労基

2017年11月02日

「ランチタイム・スタディ」の第23問です。

「ランチタイム・スタディ」の主旨については、10月1日の佐藤塾ブログの『「ランチタイム・スタディ2017」開始のお知らせ(ブログの記事のご案内)』をご覧ください。



さて、23問目は、択一式の労働基準法です。

正答率80%の問題です。



<問題( 択一式 労基 問2 )>

〔問〕 労働基準法の適用に関する次の記述のうち、正しいものの組合せは、後記AからEまでのうちどれか。

ア 何ら事業を営むことのない大学生が自身の引っ越しの作業を友人に手伝ってもらい、その者に報酬を支払ったとしても、当該友人は労働基準法第9条に定める労働者に該当しないので、当該友人に労働基準法は適用されない。

イ 法人に雇われ、その役職員の家庭において、その家族の指揮命令の下で家事一般に従事している者については、法人に使用される労働者であり労働基準法が適用される。

ウ 同居の親族は、事業主と居住及び生計を一にするものとされ、その就労の実態にかかわらず労働基準法第9条の労働者に該当することがないので、当該同居の親族に労働基準法が適用されることはない。
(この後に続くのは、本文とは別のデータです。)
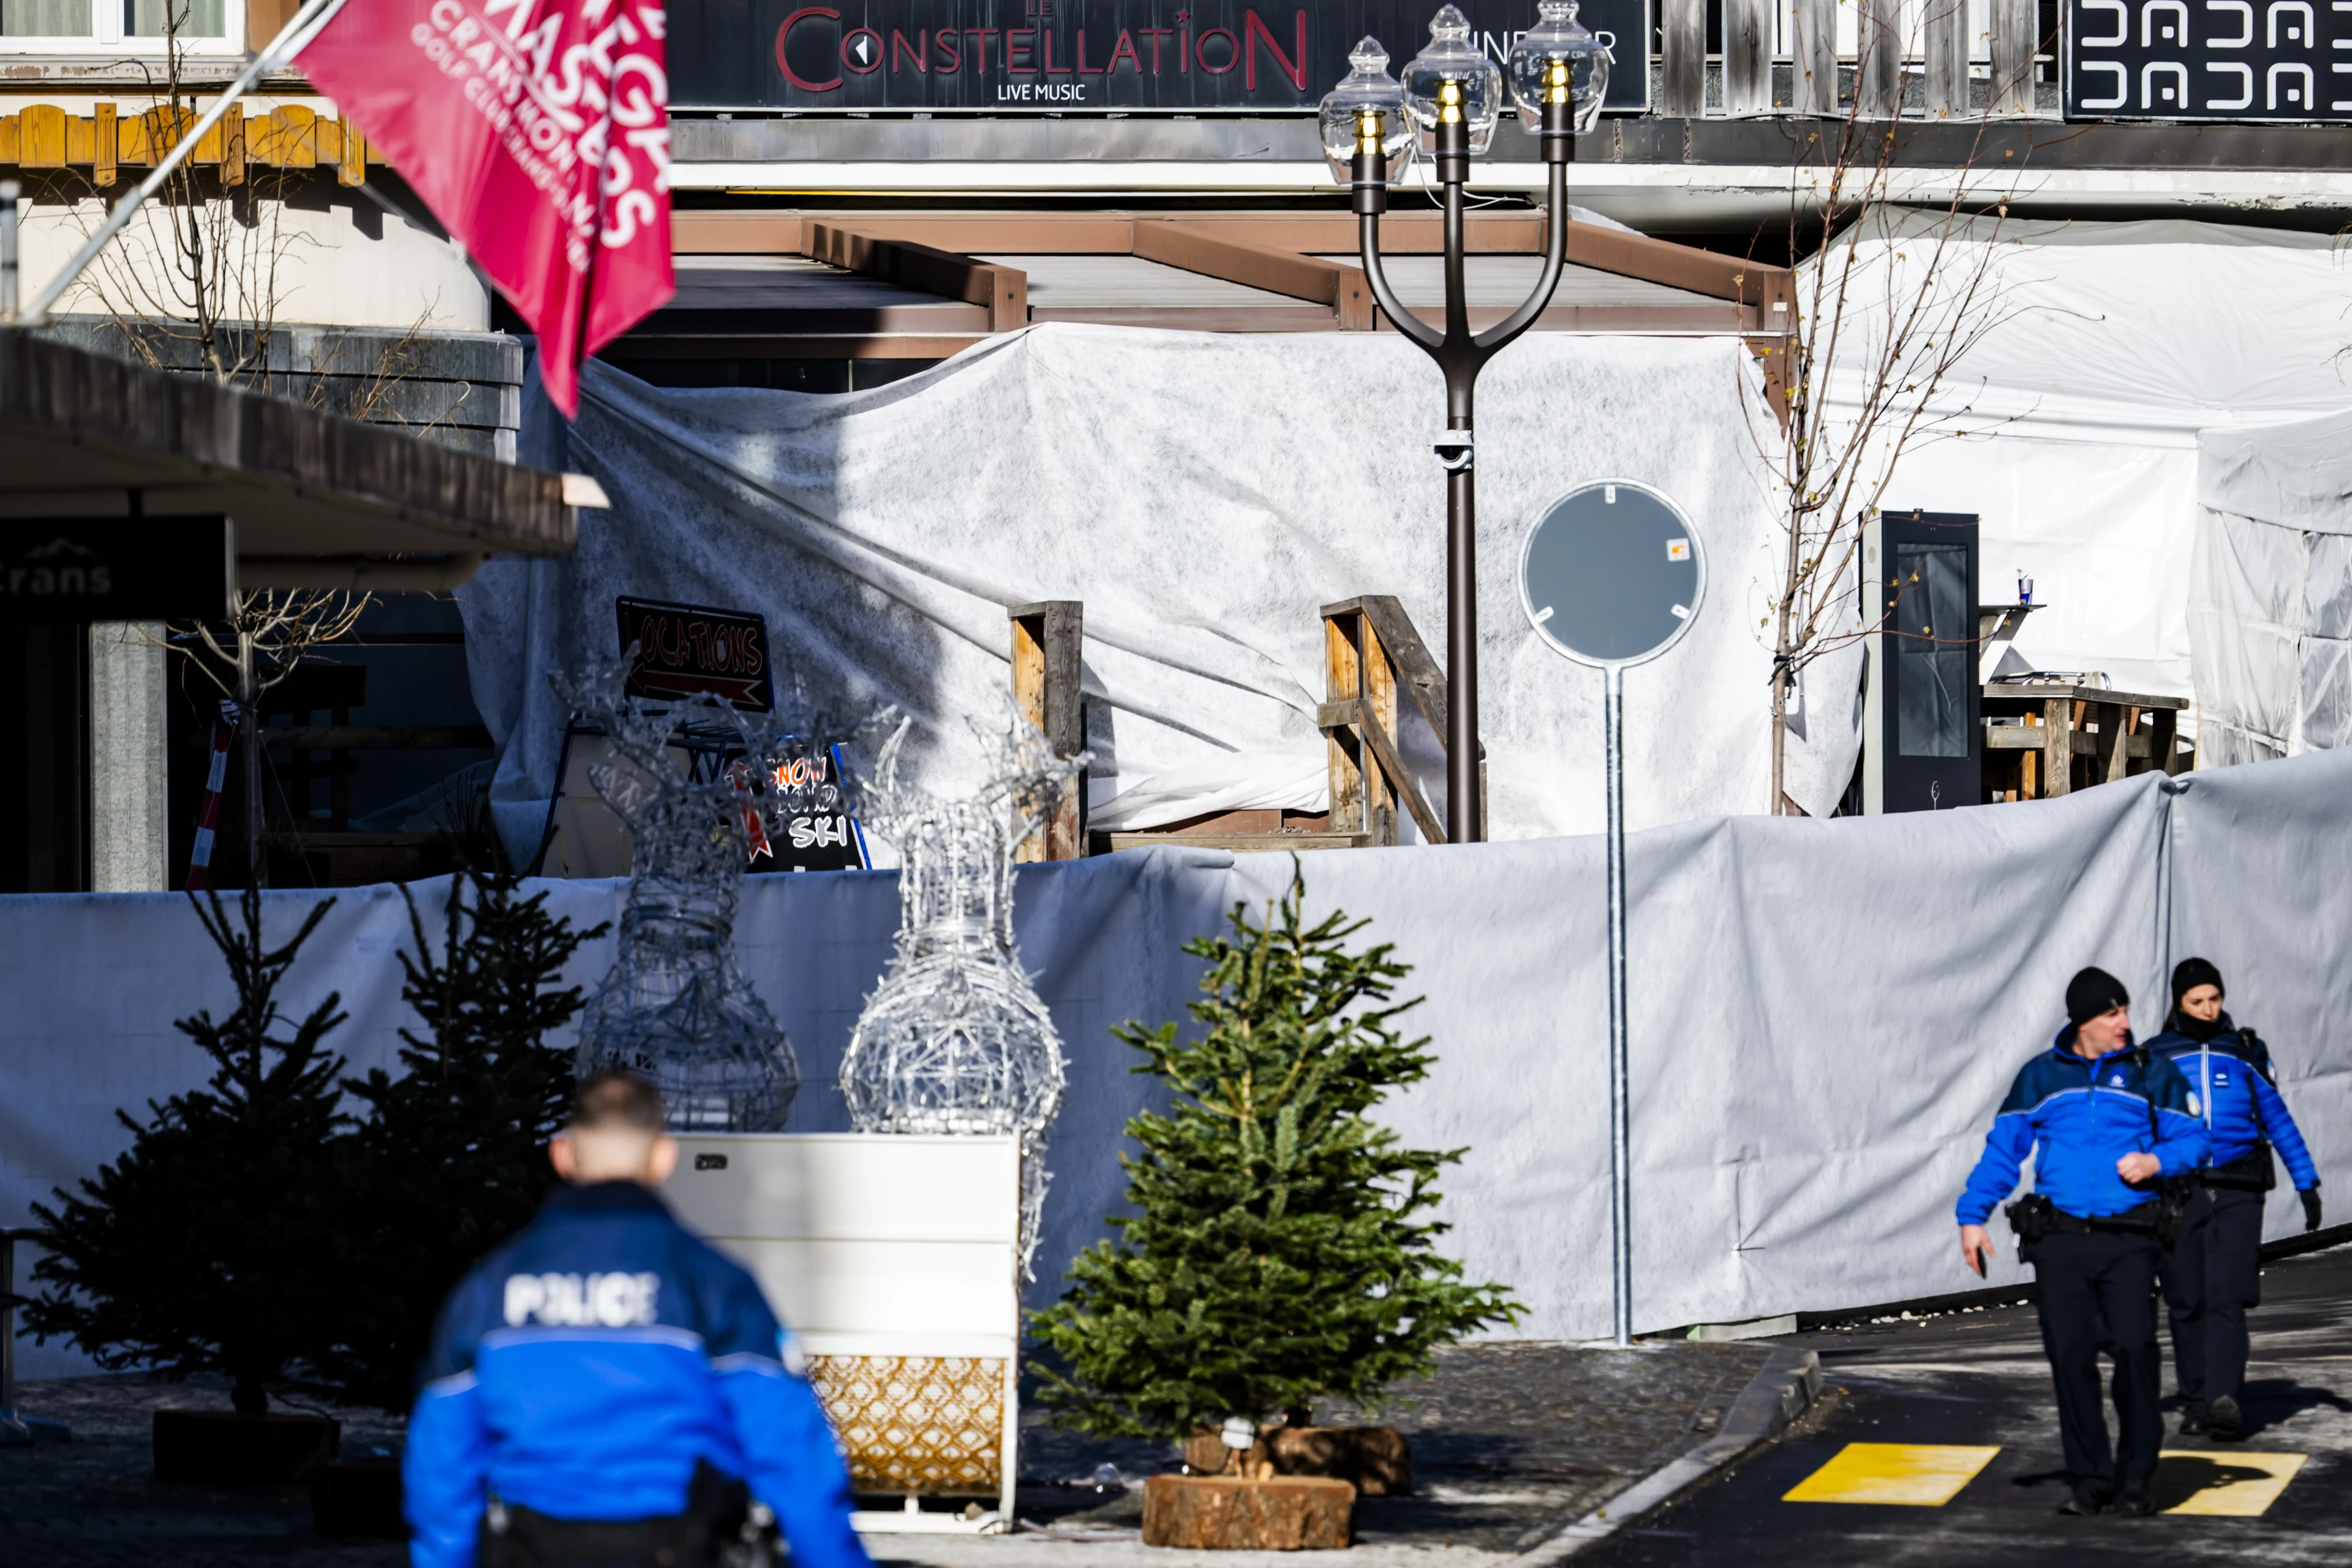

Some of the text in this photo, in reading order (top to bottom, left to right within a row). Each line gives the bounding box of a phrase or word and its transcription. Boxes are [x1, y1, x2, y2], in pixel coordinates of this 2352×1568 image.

エ 株式会社の取締役であっても業務執行権又は代表権を持たない者は、工場長、部長等の職にあって賃金を受ける場合には、その限りにおいて労働基準法第9条に規定する労働者として労働基準法の適用を受ける。

オ 工場が建物修理の為に大工を雇う場合、そのような工事は一般に請負契約によることが多く、また当該工事における労働は工場の事業本来の目的の為のものでもないから、当該大工が労働基準法第9条の労働者に該当することはなく、労働基準法が適用されることはない。

A(アとウ)  B(アとエ)  C(イとエ)
D(イとオ)  E(ウとオ)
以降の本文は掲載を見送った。